I am trying to speed up an algorithm. The bottleneck in the algorithm is computing "Ax", where, A is a large sparse-matrix with n X m dimension and x is a dense vector with m dimension. My algorithm tries to select specific d columns of A from m columns that d << m, we also select corresponding d elements in x. we call them sub_A and sub_x, and we only need to compute the multiplication between sub_A and sub_x.
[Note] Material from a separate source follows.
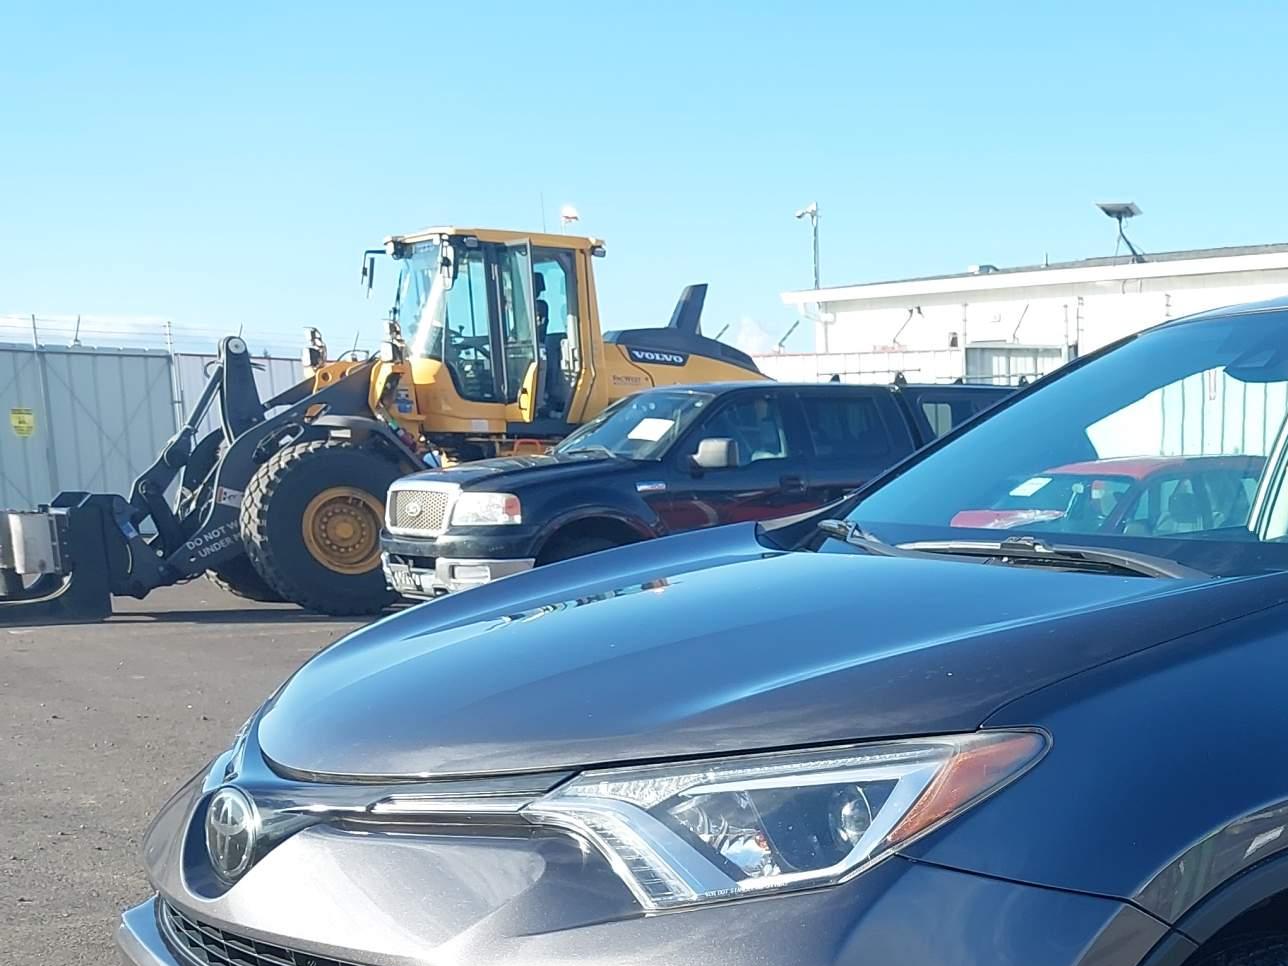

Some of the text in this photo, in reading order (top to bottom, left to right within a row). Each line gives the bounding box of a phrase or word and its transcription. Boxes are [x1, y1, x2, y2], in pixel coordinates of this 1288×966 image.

However, I found that, this kind of multiplication in scipy shows not clear speed up effects. Even if I make d < m/100, the speed up only achieve 2 times, this is quite strange. As the second dimension of A has shrank so much. I tried the similar code in matlab and got a more clear speed up. If I make d<m/100, I can speed up the computation almost 50-100 times.
I checked it on the internet and noticed that there are some strange bottleneck in the scipy code, which cause the sparse matrix multiplication with a dense [tag:NumPy] vector is extremely slow. People suggest to use pysparse or cysparse however these modules have stopped updating several years ago.
Is there any other method in python can solve the problem? Otherwise I have to move my whole project to matlab.
I have tried the computation in both python and matlab, with a 99% sparse-matrix A and a dense x.
import scipy.sparse as sp
import numpy as np
import time
m = 10000
n = 100
d = 100
times = 100
x = np.ones((m,1))
A = sp.random(n, m, density=0.01, format='csr')
start_time = time.time()
for i in range(times):
c = A.dot(x)
end_time = time.time()
print("Ax cost:", end_time - start_time)
row_indices = np.random.choice(m, d, replace=False)
sub_x = x[row_indices]
sub_A = A[:,row_indices]
start_time = time.time()
for i in range(times):
c = sub_A.dot(sub_x)
end_time = time.time()
print("sub_A x cost:", end_time - start_time)
The output is
Ax cost: 0.002000093460083008
sub_A dot sub_x cost: 0.0010018348693847656
Even the d = m/100, the computational speed has no huge difference.